Goal of the exercise
Make an exact copy of the records, dropping all pictures.

|---|

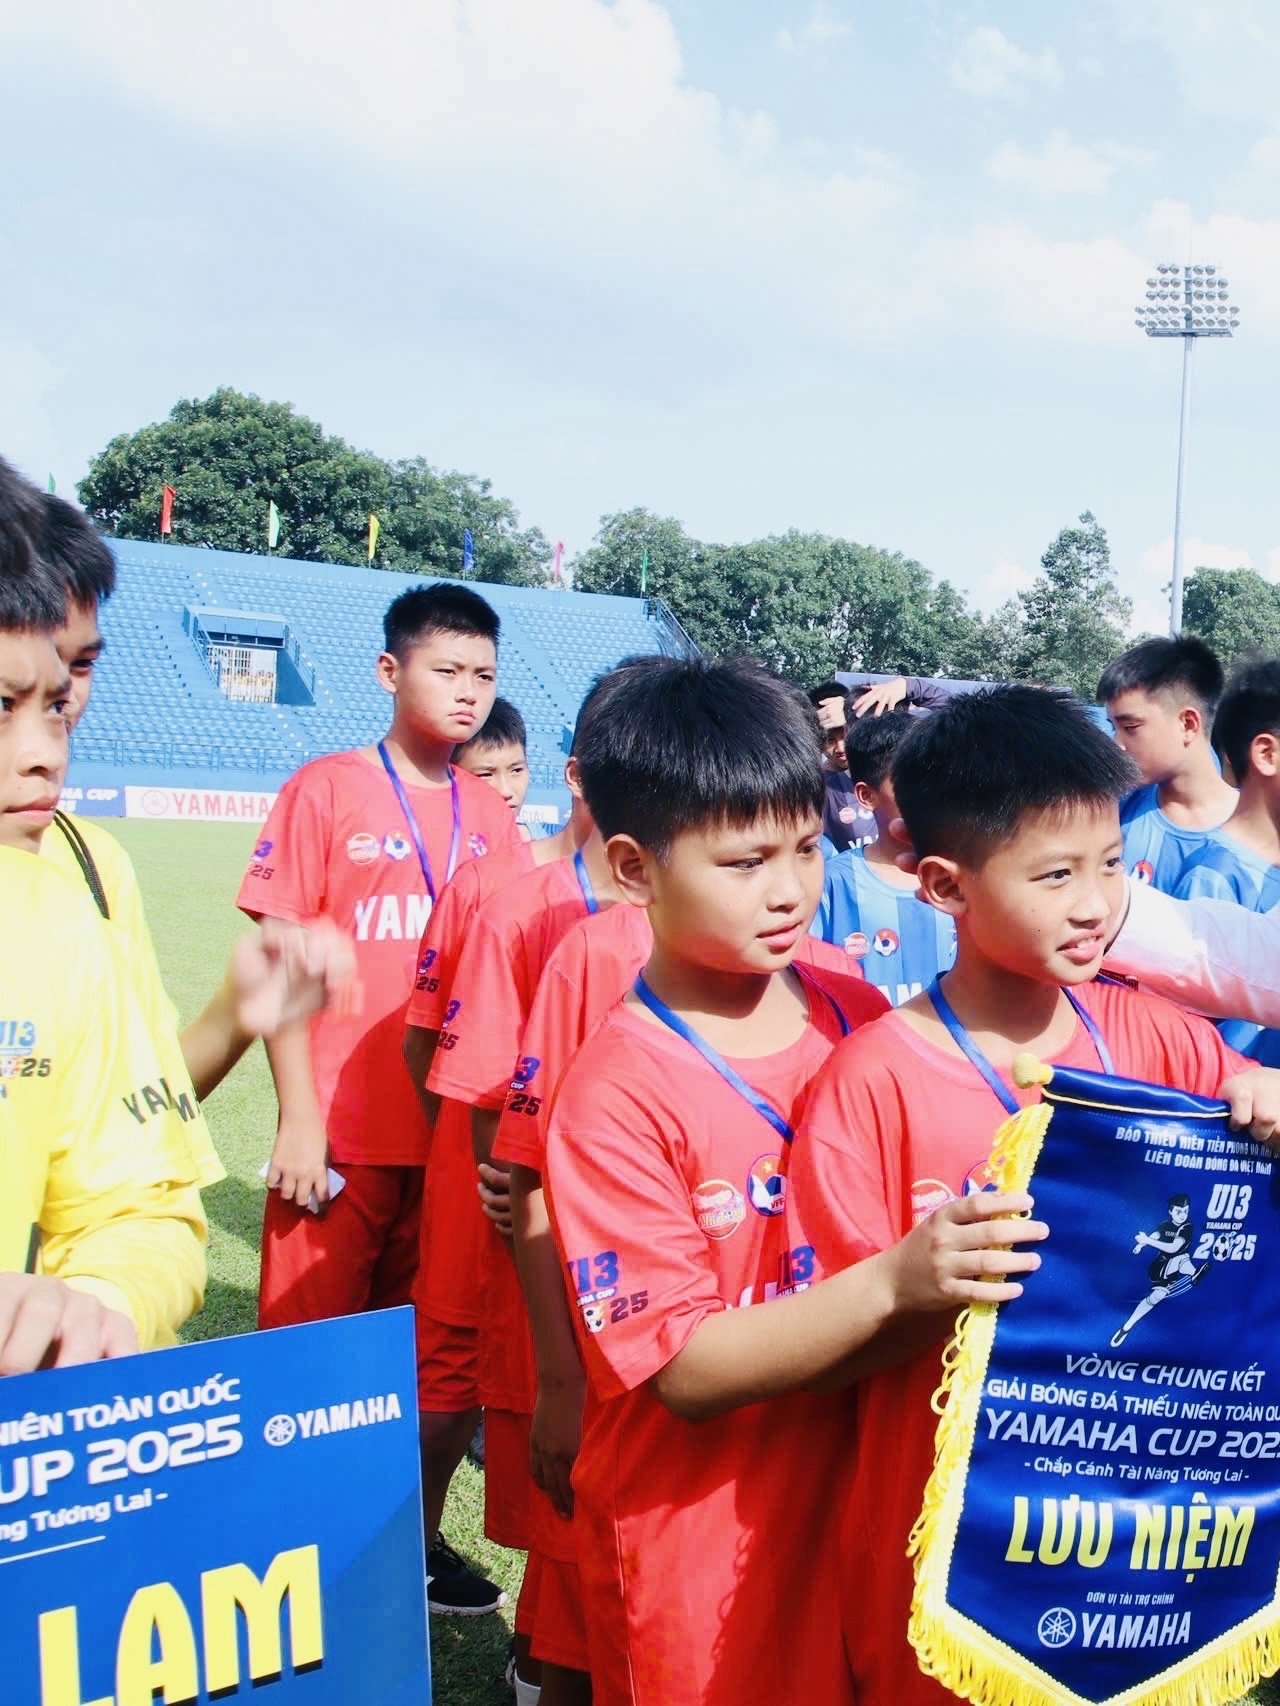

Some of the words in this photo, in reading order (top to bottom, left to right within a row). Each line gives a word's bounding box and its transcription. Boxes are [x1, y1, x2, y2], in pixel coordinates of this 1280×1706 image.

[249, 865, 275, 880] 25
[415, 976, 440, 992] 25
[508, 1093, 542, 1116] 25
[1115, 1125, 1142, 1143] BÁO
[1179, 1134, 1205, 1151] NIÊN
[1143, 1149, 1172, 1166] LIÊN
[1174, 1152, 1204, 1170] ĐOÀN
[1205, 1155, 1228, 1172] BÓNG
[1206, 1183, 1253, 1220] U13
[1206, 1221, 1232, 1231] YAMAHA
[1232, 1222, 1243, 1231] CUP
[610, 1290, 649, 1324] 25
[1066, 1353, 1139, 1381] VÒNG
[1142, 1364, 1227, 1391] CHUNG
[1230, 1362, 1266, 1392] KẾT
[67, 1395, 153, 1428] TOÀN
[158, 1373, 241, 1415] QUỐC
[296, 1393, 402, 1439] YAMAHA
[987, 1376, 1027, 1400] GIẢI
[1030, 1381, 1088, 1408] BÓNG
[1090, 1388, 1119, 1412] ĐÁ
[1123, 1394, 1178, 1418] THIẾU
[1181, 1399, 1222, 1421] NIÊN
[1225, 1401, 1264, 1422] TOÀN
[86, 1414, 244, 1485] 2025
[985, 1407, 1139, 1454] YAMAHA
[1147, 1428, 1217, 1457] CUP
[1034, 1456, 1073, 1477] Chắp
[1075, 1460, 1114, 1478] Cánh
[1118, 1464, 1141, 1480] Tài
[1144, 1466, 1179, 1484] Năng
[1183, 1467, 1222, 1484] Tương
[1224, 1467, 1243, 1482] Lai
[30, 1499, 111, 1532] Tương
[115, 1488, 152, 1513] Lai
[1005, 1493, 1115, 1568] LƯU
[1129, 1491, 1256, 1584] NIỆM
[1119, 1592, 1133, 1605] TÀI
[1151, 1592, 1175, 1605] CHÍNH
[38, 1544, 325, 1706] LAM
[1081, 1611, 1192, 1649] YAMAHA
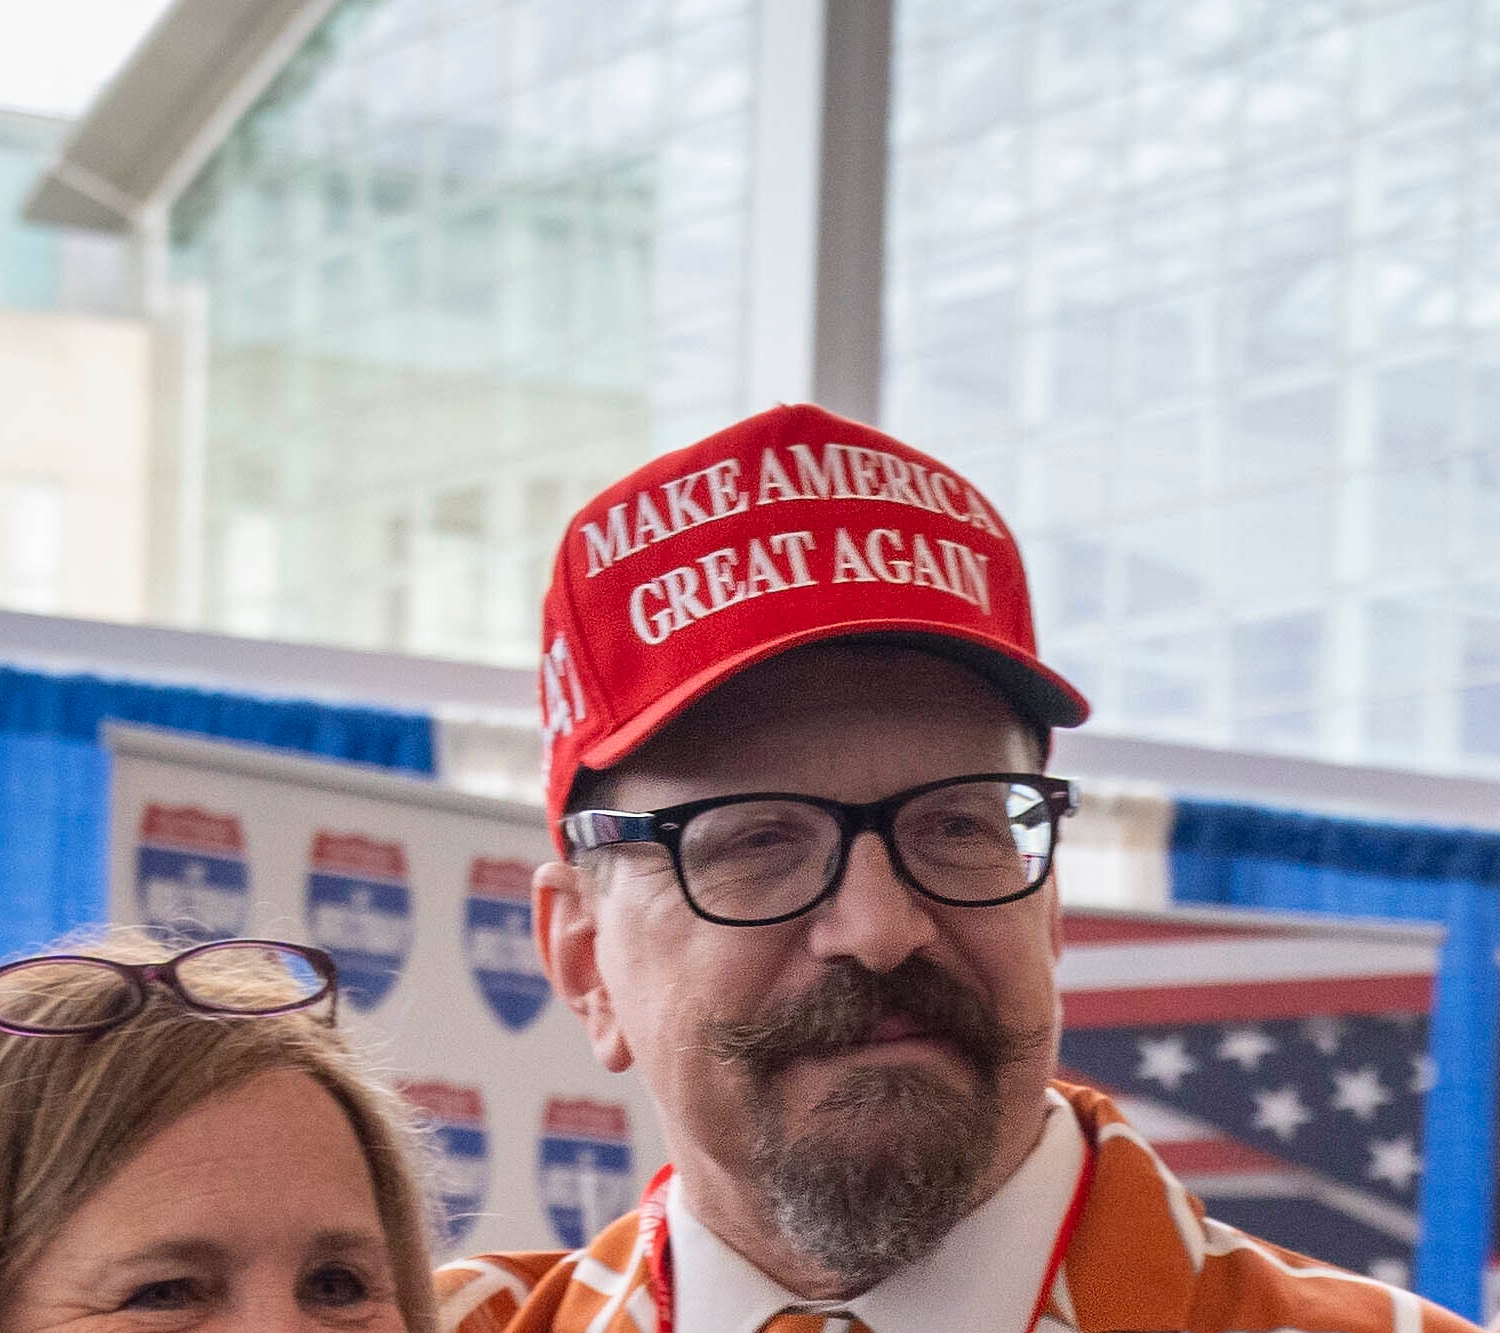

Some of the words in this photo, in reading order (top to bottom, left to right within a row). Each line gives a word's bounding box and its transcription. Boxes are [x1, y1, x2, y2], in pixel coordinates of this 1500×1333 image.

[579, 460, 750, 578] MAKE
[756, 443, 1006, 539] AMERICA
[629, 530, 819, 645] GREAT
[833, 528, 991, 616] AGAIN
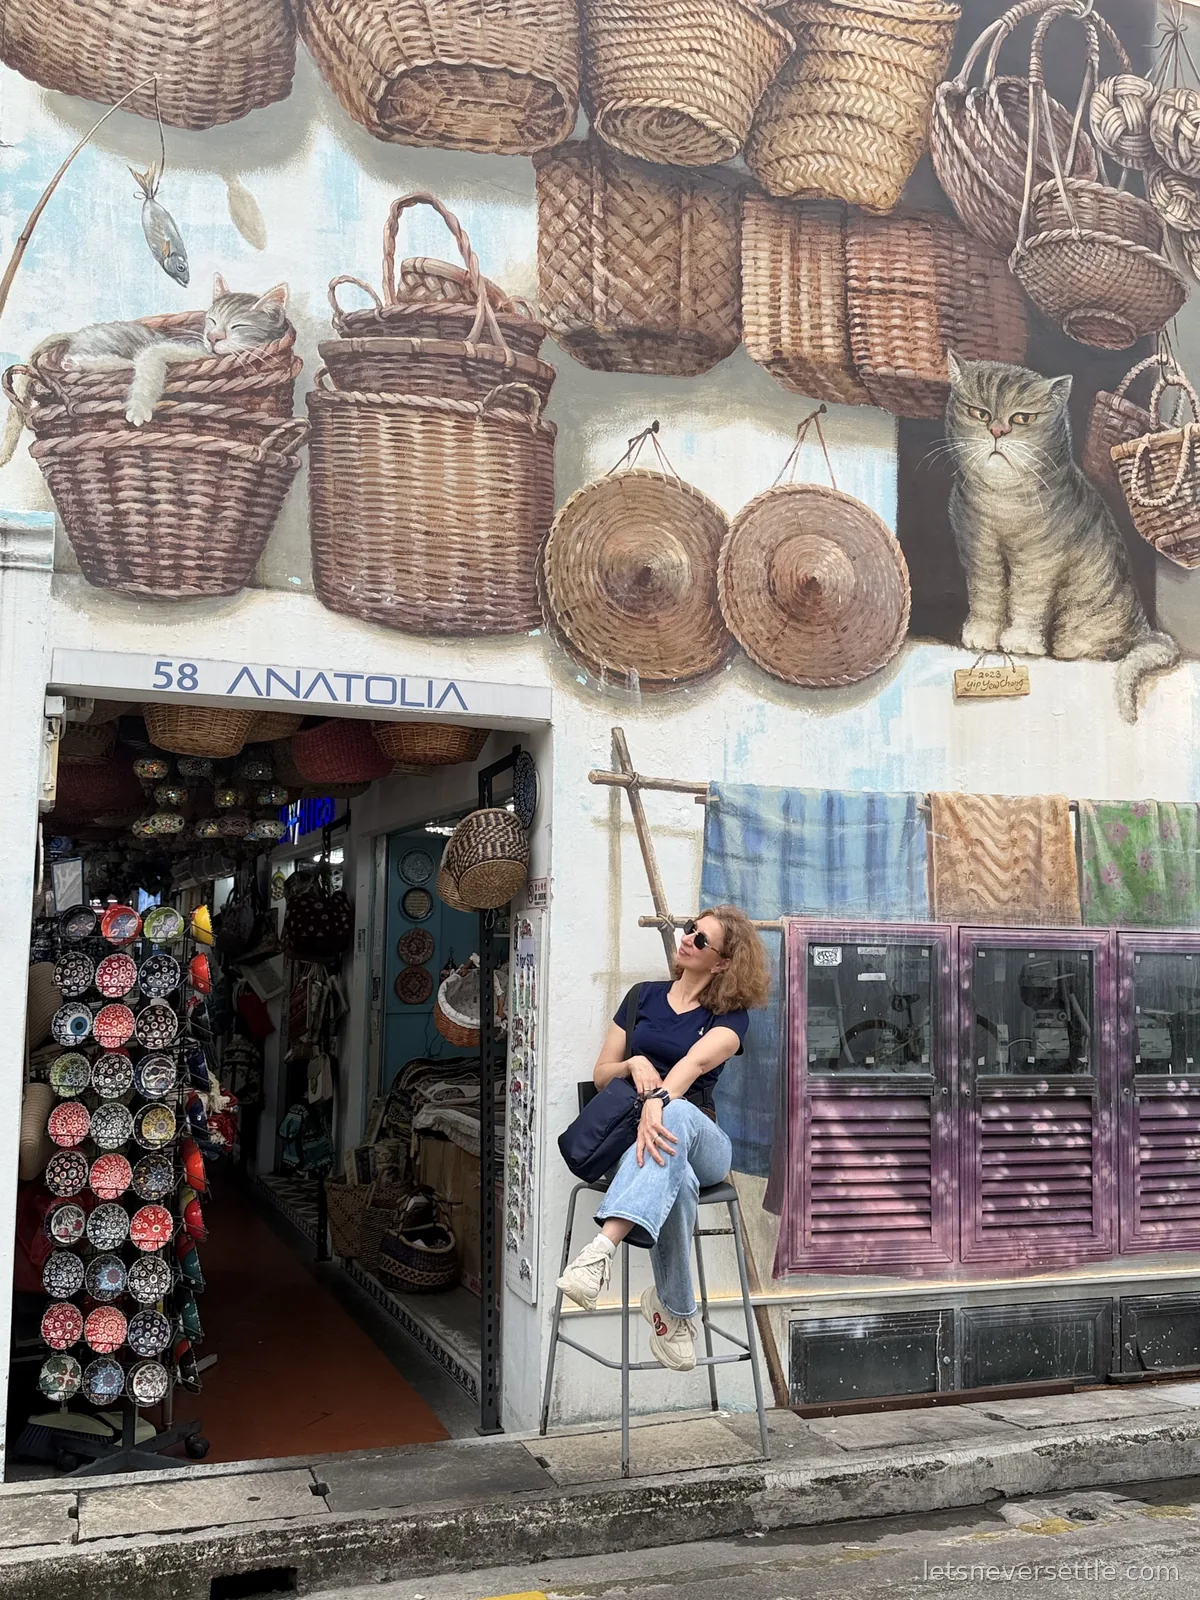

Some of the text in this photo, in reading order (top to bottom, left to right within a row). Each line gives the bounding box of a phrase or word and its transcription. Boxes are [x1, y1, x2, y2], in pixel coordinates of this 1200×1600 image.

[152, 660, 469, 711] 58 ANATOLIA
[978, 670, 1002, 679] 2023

|---|

Exercise response
Some of the words in this photo, in reading order (top to bottom, left to right within a row). Each line gives a word's bounding box and its transcription. Boxes are [x1, y1, x2, y2], in pixel coordinates of this 1280×1706 image.

[249, 865, 275, 880] 25
[415, 976, 440, 992] 25
[508, 1093, 542, 1116] 25
[1115, 1125, 1142, 1143] BÁO
[1179, 1134, 1205, 1151] NIÊN
[1143, 1149, 1172, 1166] LIÊN
[1174, 1152, 1204, 1170] ĐOÀN
[1205, 1155, 1228, 1172] BÓNG
[1206, 1183, 1253, 1220] U13
[1206, 1221, 1232, 1231] YAMAHA
[1232, 1222, 1243, 1231] CUP
[610, 1290, 649, 1324] 25
[1066, 1353, 1139, 1381] VÒNG
[1142, 1364, 1227, 1391] CHUNG
[1230, 1362, 1266, 1392] KẾT
[67, 1395, 153, 1428] TOÀN
[158, 1373, 241, 1415] QUỐC
[296, 1393, 402, 1439] YAMAHA
[987, 1376, 1027, 1400] GIẢI
[1030, 1381, 1088, 1408] BÓNG
[1090, 1388, 1119, 1412] ĐÁ
[1123, 1394, 1178, 1418] THIẾU
[1181, 1399, 1222, 1421] NIÊN
[1225, 1401, 1264, 1422] TOÀN
[86, 1414, 244, 1485] 2025
[985, 1407, 1139, 1454] YAMAHA
[1147, 1428, 1217, 1457] CUP
[1034, 1456, 1073, 1477] Chắp
[1075, 1460, 1114, 1478] Cánh
[1118, 1464, 1141, 1480] Tài
[1144, 1466, 1179, 1484] Năng
[1183, 1467, 1222, 1484] Tương
[1224, 1467, 1243, 1482] Lai
[30, 1499, 111, 1532] Tương
[115, 1488, 152, 1513] Lai
[1005, 1493, 1115, 1568] LƯU
[1129, 1491, 1256, 1584] NIỆM
[1119, 1592, 1133, 1605] TÀI
[1151, 1592, 1175, 1605] CHÍNH
[38, 1544, 325, 1706] LAM
[1081, 1611, 1192, 1649] YAMAHA

Some of the words in this photo, in reading order (top to bottom, left to right within a row). Each line gives a word's bounding box and its transcription. Boxes are [x1, y1, x2, y2], in pixel coordinates of this 1500×1333 image.

[579, 460, 750, 578] MAKE
[756, 443, 1006, 539] AMERICA
[629, 530, 819, 645] GREAT
[833, 528, 991, 616] AGAIN

Some of the text in this photo, in reading order (top to bottom, left to right within a row). Each line gives the bounding box of a phrase or word and its transcription. Boxes are [x1, y1, x2, y2], in pixel coordinates of this 1200×1600 image.

[152, 660, 469, 711] 58 ANATOLIA
[978, 670, 1002, 679] 2023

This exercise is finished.